Poland has a near-total abortion ban. Lawmakers have taken 1st steps to possibly lifting it

Polish lawmakers voted Friday to move forward with several bills aimed at reforming the Catholic country’s abortion laws, including two that would lift the near-total ban on abortion that currently exists in the EU country.

Members of the lower house of parliament, the Sejm, voted to work on four separate bills. Two of them propose legalizing abortion through the 12th week of pregnancy, in line with European norms. A third would de-penalize the procedure.

The fourth bill, proposed by the Christian Democratic Third Way party, would reinstate the right to abortion in cases of fetal abnormalities, reverting to what the situation was before a 2020 constitutional court ruling banned such procedures.

Poland has one of the most restrictive abortion laws in Europe, with abortions only allowed in cases of rape, incest or if the woman’s life or health is at risk.

Reproductive rights advocates say that even in such cases, doctors and hospitals turn away women, fearing legal consequences for themselves or citing their moral objections.

According to Health Ministry statistics, 161 abortions were performed in hospitals in 2022 in the country of 37 million people.

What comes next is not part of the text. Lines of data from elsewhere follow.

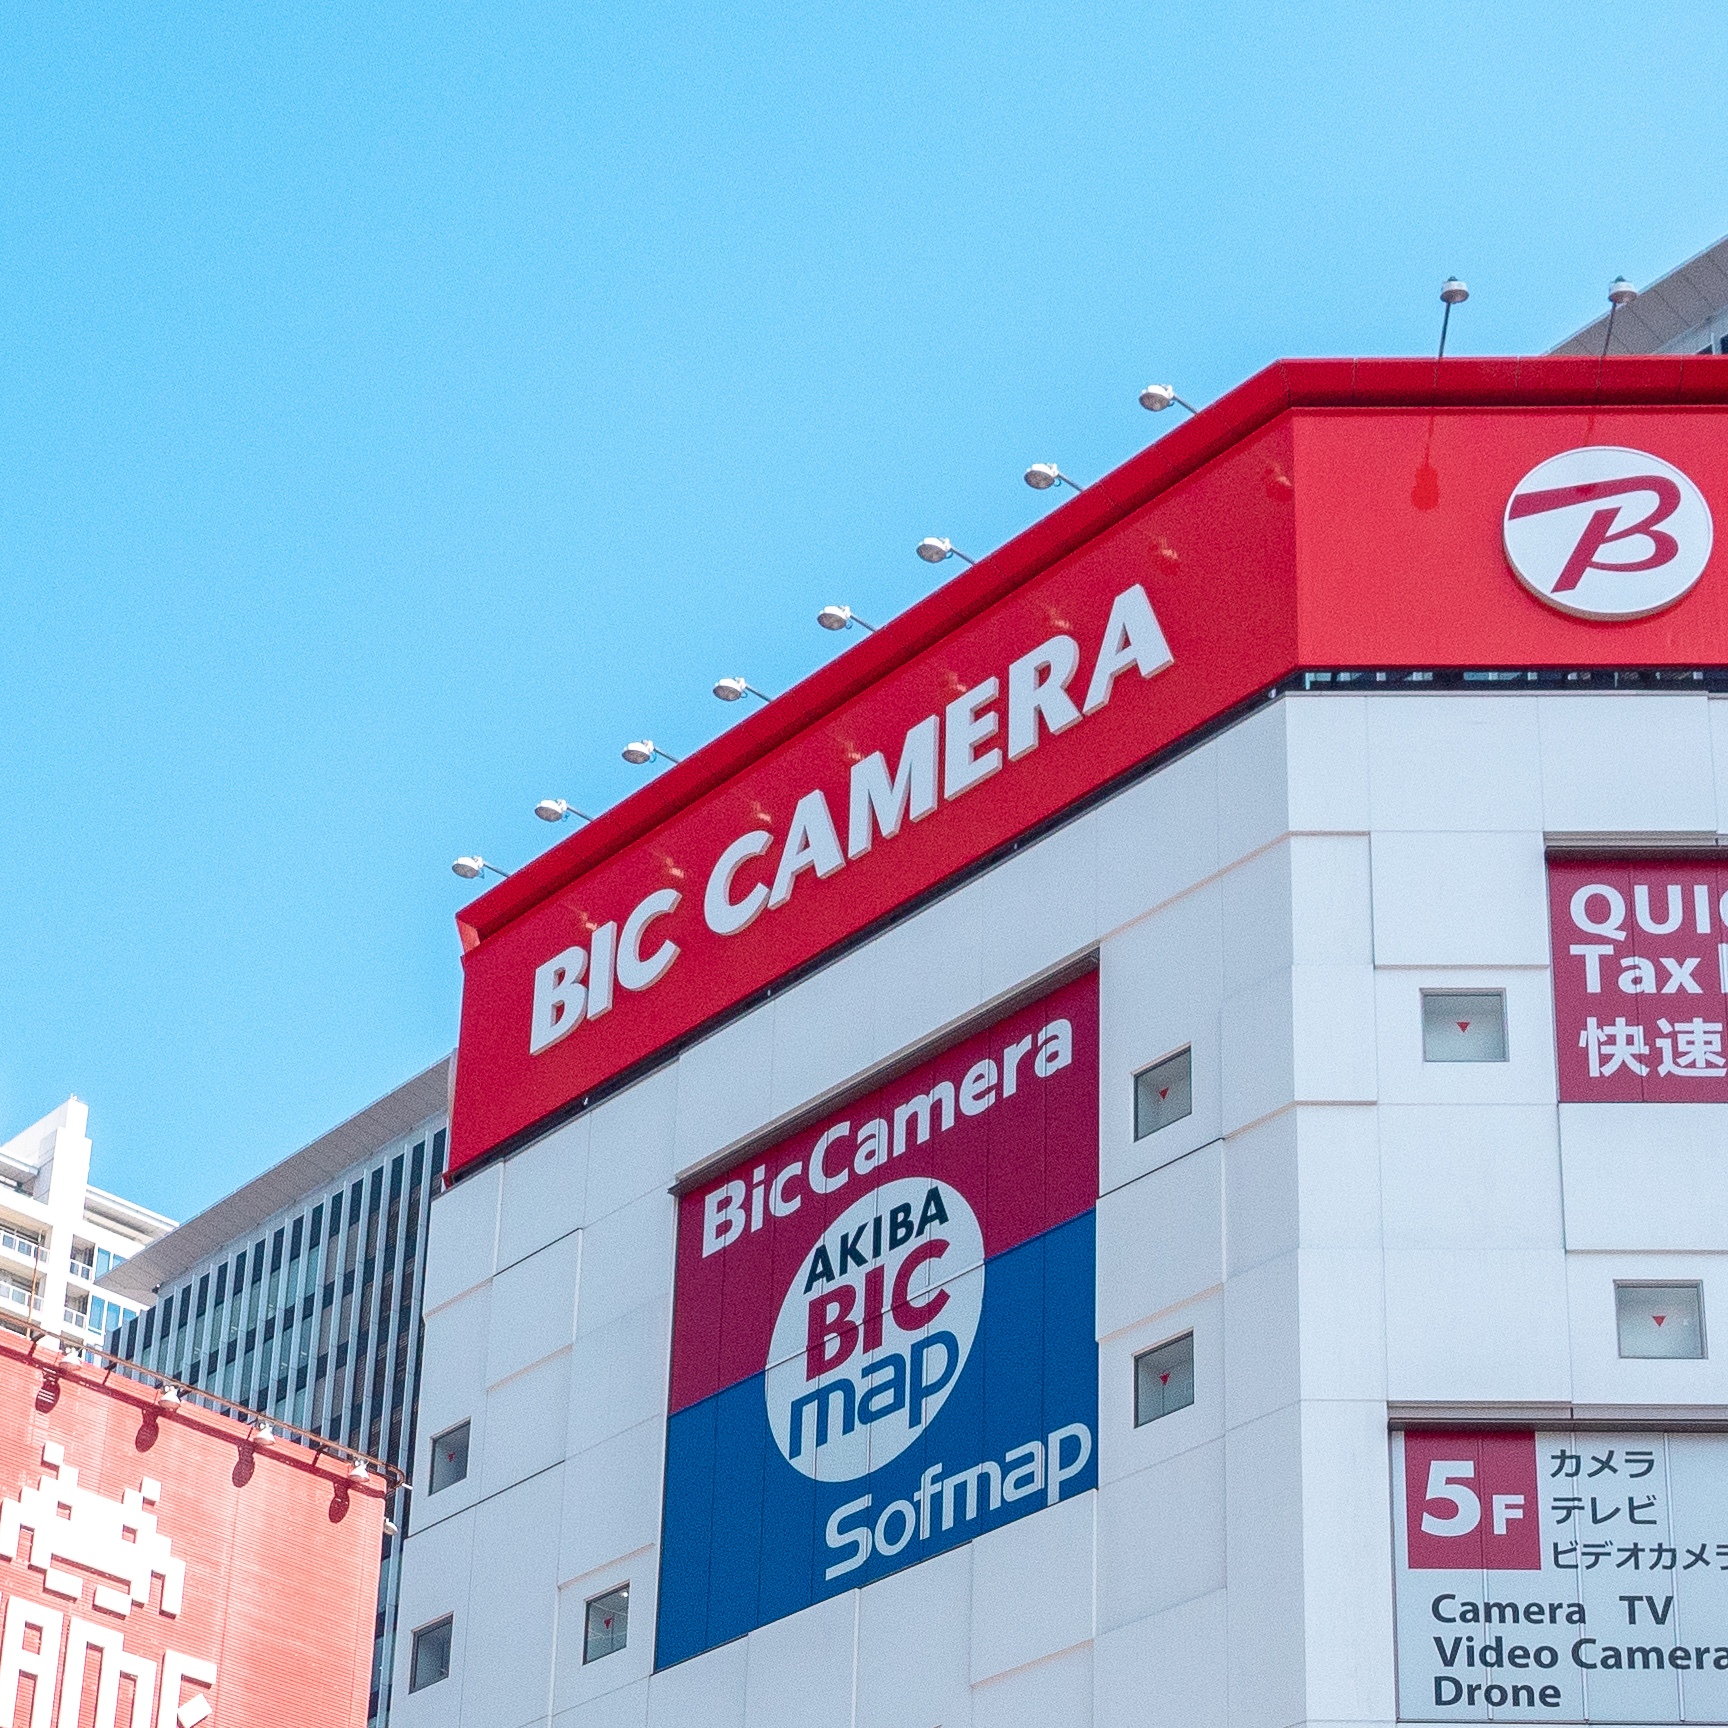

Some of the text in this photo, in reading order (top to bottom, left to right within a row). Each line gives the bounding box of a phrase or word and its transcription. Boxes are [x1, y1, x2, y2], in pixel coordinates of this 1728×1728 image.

[529, 582, 1174, 1056] BIC CAMERA
[1570, 944, 1703, 994] Tax
[702, 1018, 1073, 1258] BicCamera
[803, 1187, 949, 1294] AKIBA
[806, 1239, 951, 1380] BIC
[789, 1330, 959, 1459] map
[824, 1422, 1092, 1580] Sofmap
[1420, 1460, 1525, 1537] 5F
[1550, 1449, 1655, 1478] カメラ
[1551, 1495, 1657, 1525] テレビ
[1431, 1594, 1673, 1625] Camera TV
[1433, 1635, 1559, 1668] Video
[1434, 1676, 1561, 1707] Drone

The four bills will now be debated by the special parliamentary commission. It is not clear how long the work may take, but some lawmakers have suggested it could be until a new president is elected next year.

It is widely expected that current President Andrzej Duda, a conservative ally of the former ruling Law and Justice (PiS) party, would veto any changes to abortion legislation. Last month, he vetoed a bill making the morning-after pill — which is not an abortion pill but emergency contraception — available over-the-counter to women and girls 15 and older. Duda’s second and final term runs until the summer of 2025.

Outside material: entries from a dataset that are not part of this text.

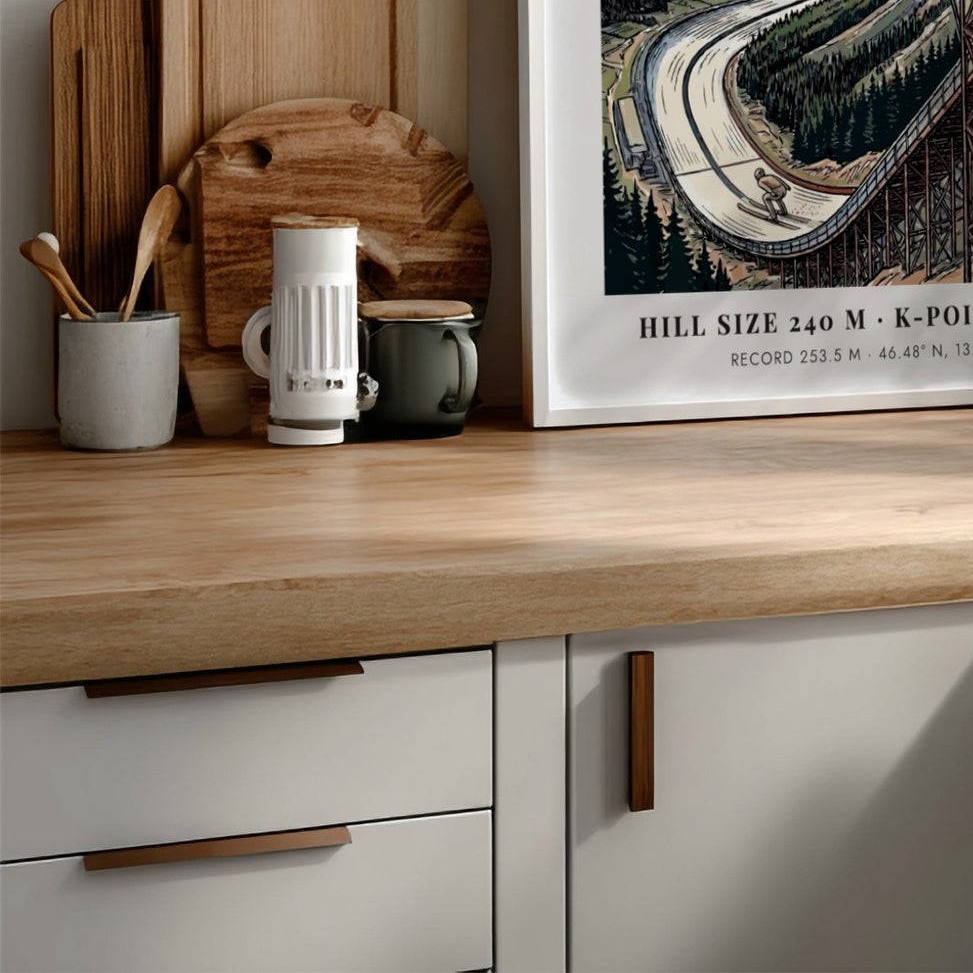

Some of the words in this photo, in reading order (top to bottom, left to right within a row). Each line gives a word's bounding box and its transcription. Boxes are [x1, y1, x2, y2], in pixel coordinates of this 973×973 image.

[638, 314, 706, 340] HILL
[717, 311, 778, 337] SIZE
[789, 314, 834, 336] 240
[845, 308, 867, 331] M
[730, 350, 794, 367] RECORD
[799, 347, 842, 364] 253.5
[848, 347, 862, 362] M
[878, 343, 927, 361] 46.48°
[931, 343, 949, 360] N,

A source of tension in government

The Sejm created a 27-member commission to work on the four bills. They voted for it to be led by Dorota Łoboda, a lawmaker who was formerly an activist with a women’s rights group.

The party of centrist Prime Minister Donald Tusk is seeking to change the law to allow women to terminate pregnancies up to the 12th week of pregnancy.

Tusk won office last year after an election in which young people and women turned out in large numbers amid a record high turnout of nearly 75 per cent. Political observers say voters were mobilized after the abortion law was restricted under the previous right-wing government.

Since winning election in October, Tusk’s broad coalition encompassing the moderate left and centre-right has reinstated public funding for in-vitro fertilization and voted to change rules on access to emergency contraception.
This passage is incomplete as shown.